5 Y volvió á enviar otro, y á aquel mataron; y á otros muchos, hiriendo á
unos y matando á otros.

6 Teniendo pues aun un hijo suyo amado, enviólo tambien á ellos el postrero,
diciendo: Tendrán en reverencia á mi hijo.

7 Mas aquellos labradores dijeron entre sí: Este es el heredero; venid,
matémosle, y la heredad será nuestra.

8 Y prendiéndole, le mataron, y echaron fuera de la viña.

9 ¿Qué, pues, hará el señor de la viña? Vendrá, y destruirá á estos
labradores, y dará su viña á otros.

10 ¿Ni aun esta escritura habeis leido: La piedra que desecharon los que
edificaban, esta es puesta por cabeza de esquina;

11 Por el Señor es hecho esto, y es cosa maravillosa en nuestros ojos?

12 Y procuraban prenderle; porque entendian que decia á ellos aquella
parábola: mas temian la multitud, y dejándole se fueron.

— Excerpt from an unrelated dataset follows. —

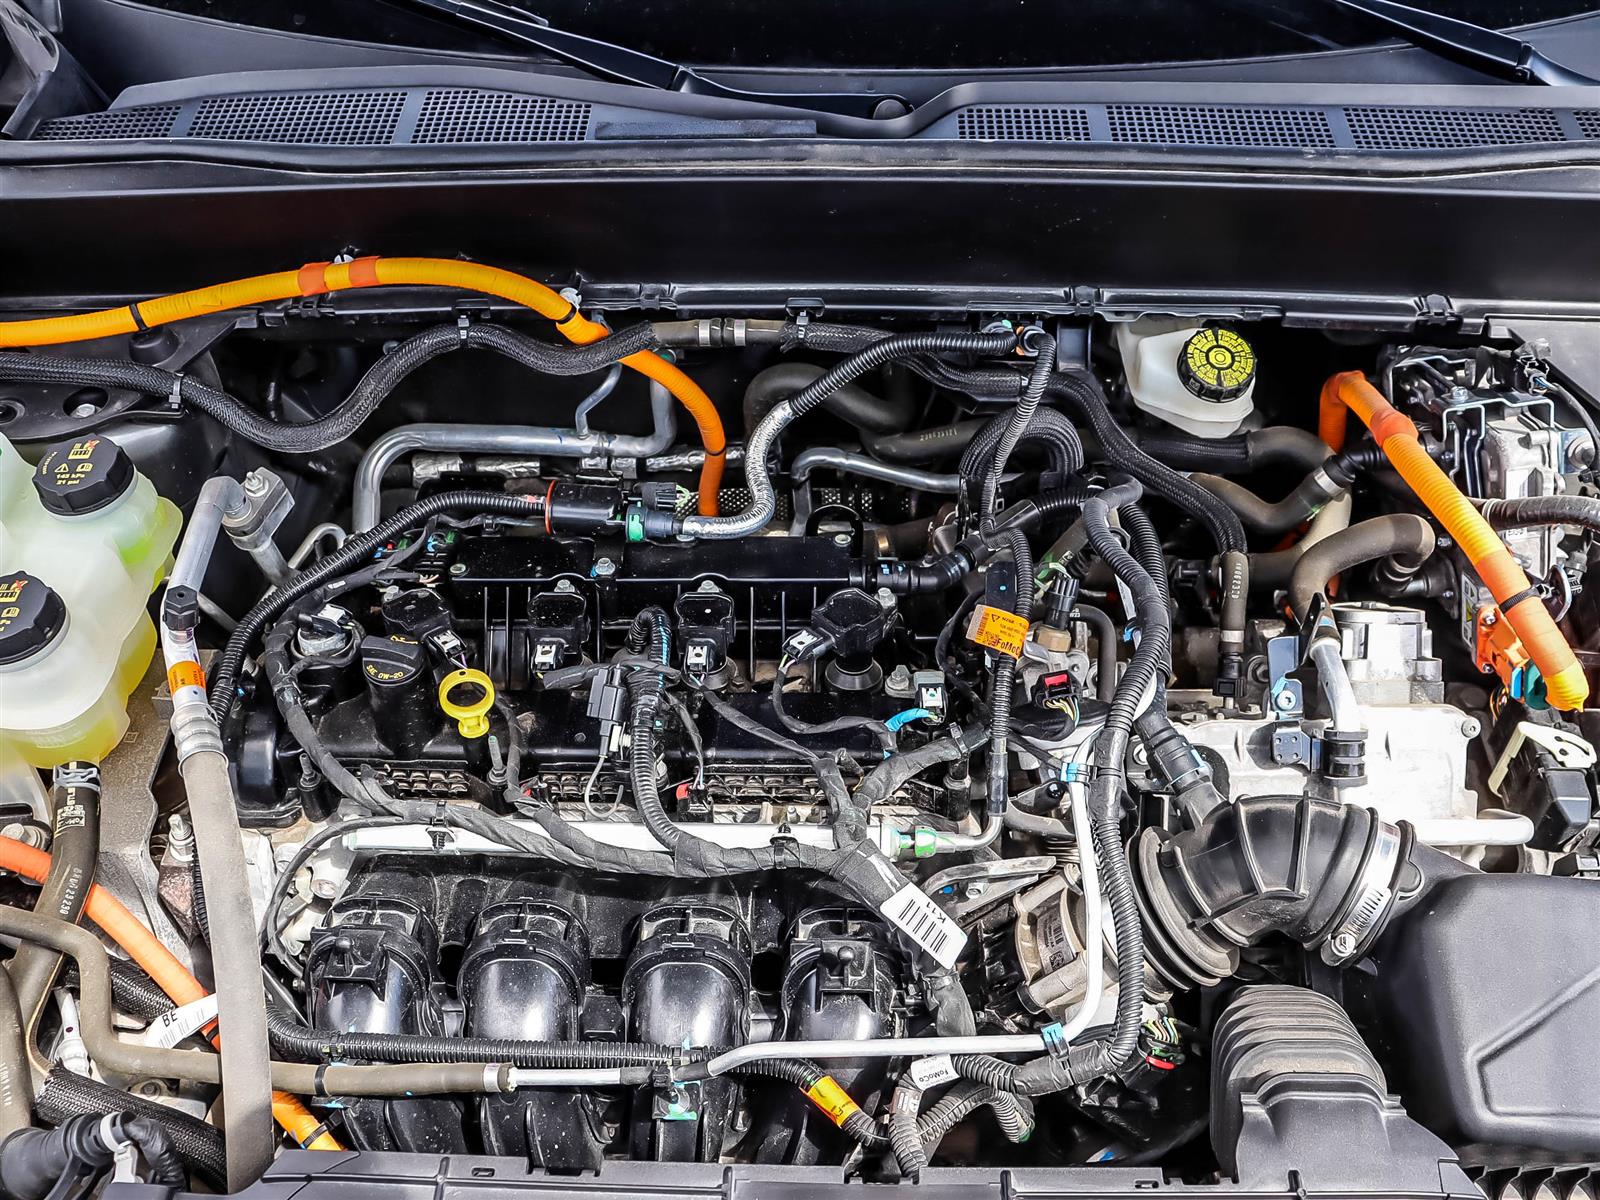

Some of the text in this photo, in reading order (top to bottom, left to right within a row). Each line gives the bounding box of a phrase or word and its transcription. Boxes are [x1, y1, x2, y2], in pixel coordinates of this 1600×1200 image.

[366, 664, 404, 679] SAE 0W-20
[926, 901, 946, 924] K11
[161, 1010, 178, 1028] BE

13 Y envian á él algunos de los Fariséos y de los Herodianos, para que le
sorprendiesen en [alguna] palabra.

14 Y viniendo ellos, le dicen: Maestro sabemos que eres hombre de verdad, y [que] no te cuidas de nadie; porque no mires a la apariencia de hombres, ántes con verdad enseñas el camino de Dios. ¿Es lícito dar tributo á César, ó no? ¿Darémos, ó no darémos?